UAT, a team of 16 technical experts, was established in 2005 to support piloting, monitoring and evaluation in the education sector, as well as management of donor funds. The unit was scheduled to be fully integrated in the MoE in 2009 but remained separated when the crisis changed the situation. The UAT plays a major role in the activities on teacher training, school manuals, FRAM teacher payments and local catalytic funds above. Support costs to enable the unit to continue to function and to carry out the following activities are calculated on this budget, as agreed by the LEG.

Risk management 11. The LEG recognizes that the volatile political and economic environment increases the risk of corruption and misuse of funds. Madagascar moved from the rank of 99 on Transparency International’s scale in 2009 to 123 in 2010. UNICEF operates within the UN’s implementation framework, adapted to the political crisis. Transfers of funds to government entities are generally avoided, and in cases where such transfers are necessary to reach vulnerable populations, they are subject to strict risk management measures. 12. In view of the relatively large amounts involved in the community teacher salary subventions and Local Catalytic Funds transferred to schools, UNICEF has established particular risk management measures for these activities in close consultation with the LEG and UAT. To assess the effectiveness of these measures, an independent audit was commissioned (with UNICEF’s own funds) on the FTI-funded payment of community teachers in 2010. The audit concluded that the risk management measures in place had been effective, and recommended minor adjustments for the 2011 payments. In 2011, the Local Catalytic Funds activity will be audited; these were subject to spot check verification in 2010. In turn, the FRAM teacher salary subventions will undergo spot check verification in 2011. The UAT undergoes annual audits, a practice in place before the current political crisis.
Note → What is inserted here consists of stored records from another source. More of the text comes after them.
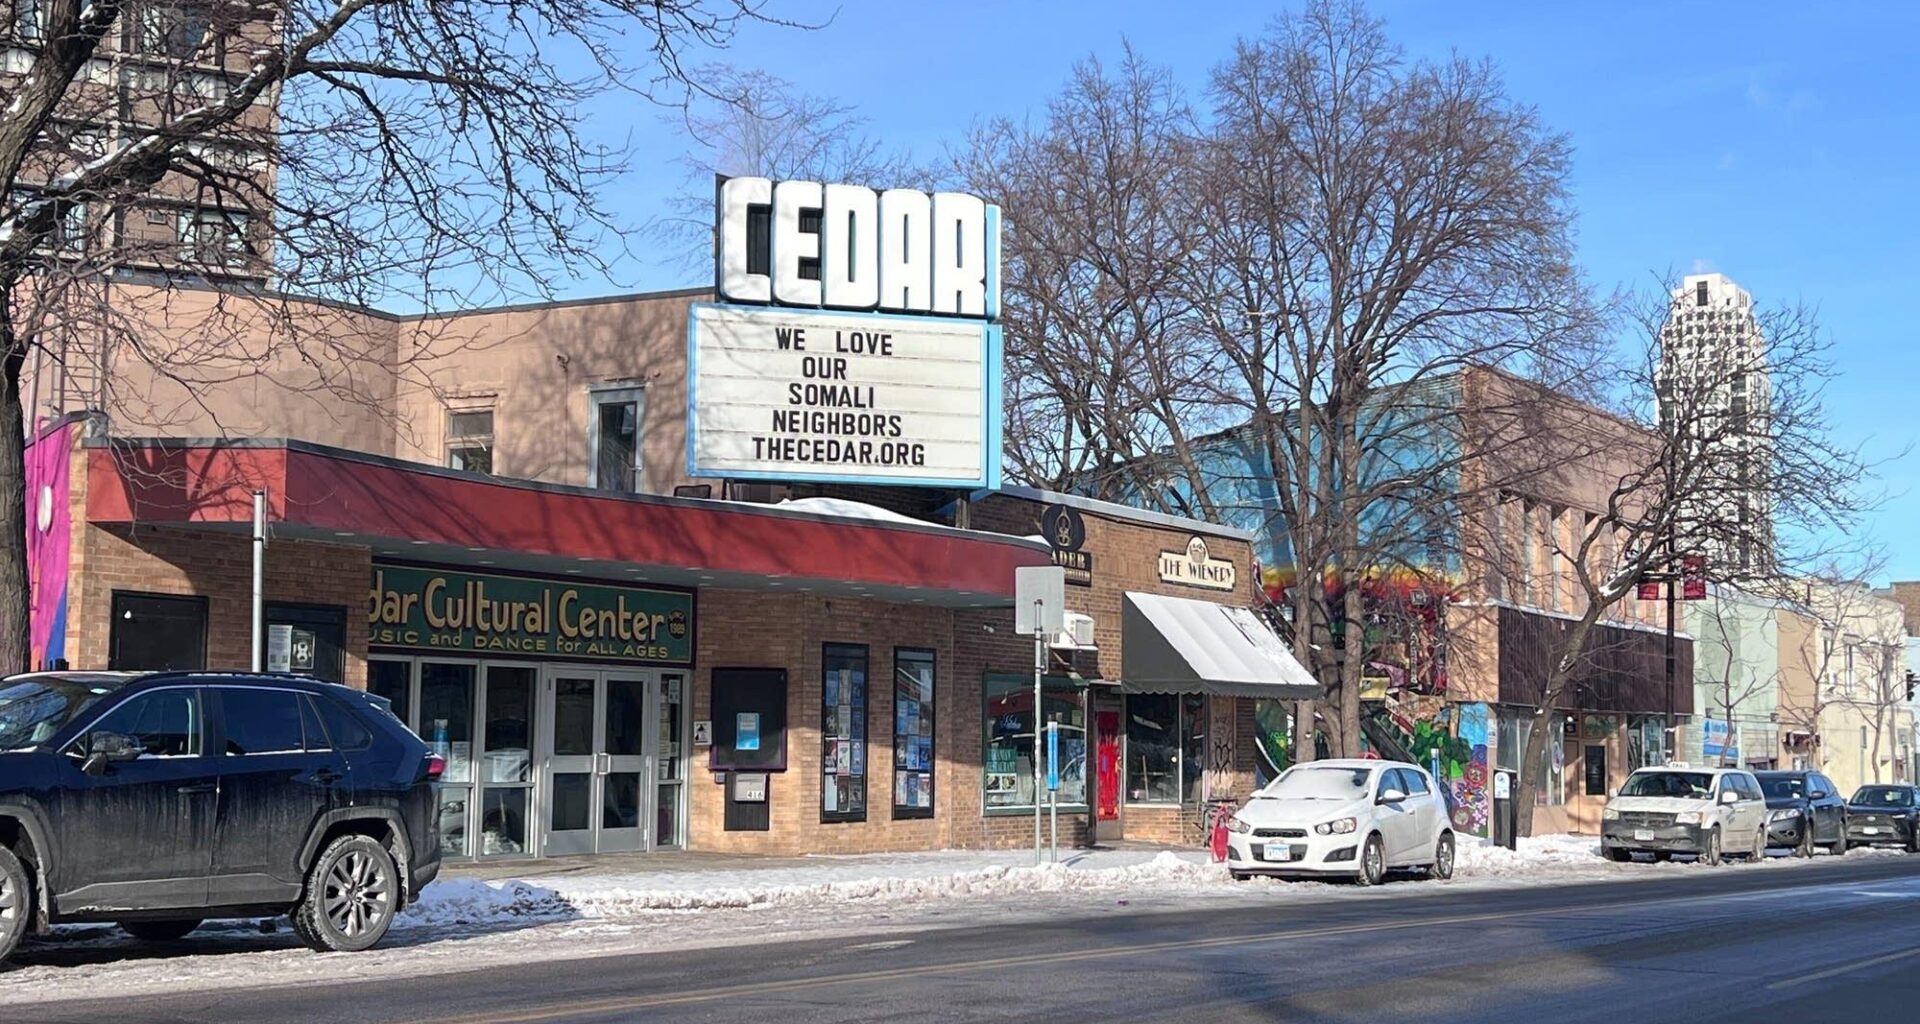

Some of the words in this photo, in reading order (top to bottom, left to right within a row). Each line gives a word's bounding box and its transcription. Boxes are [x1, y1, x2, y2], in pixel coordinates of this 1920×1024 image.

[720, 177, 986, 315] CEDAR
[775, 327, 805, 351] WE
[836, 331, 893, 356] LOVE
[802, 356, 847, 380] OUR
[789, 383, 874, 409] SOMALI
[772, 410, 901, 437] NEIGHBORS
[752, 437, 925, 466] THECEDAR.ORG
[1162, 558, 1182, 577] THE
[1188, 562, 1232, 583] WIENERY
[424, 577, 550, 634] Cultural
[558, 589, 665, 641] Center
[430, 627, 463, 646] and
[474, 635, 546, 651] DANCE
[556, 635, 581, 653] for
[586, 642, 617, 655] ALL
[623, 644, 668, 658] AGES
Conclusion 13. In conclusion, worrying trends in education in Madagascar render financial support more important than ever. To ensure a more politically stable future, a functioning education system with improvements in access and quality is vital. FTI has played a positive role to this effect. The LEG continues to monitor government commitment and facilitate coherence, with the UN system/UNICEF ensuring the technical dialogue with the Ministry of Education to optimize harmonization and alignment despite the difficult political context. The alternative joint review in May will be crucial in determining the status of the implementation of the agreed EFA plan and the commitment of the Ministry of Education—with its new leadership—in honoring its engagements with FTI.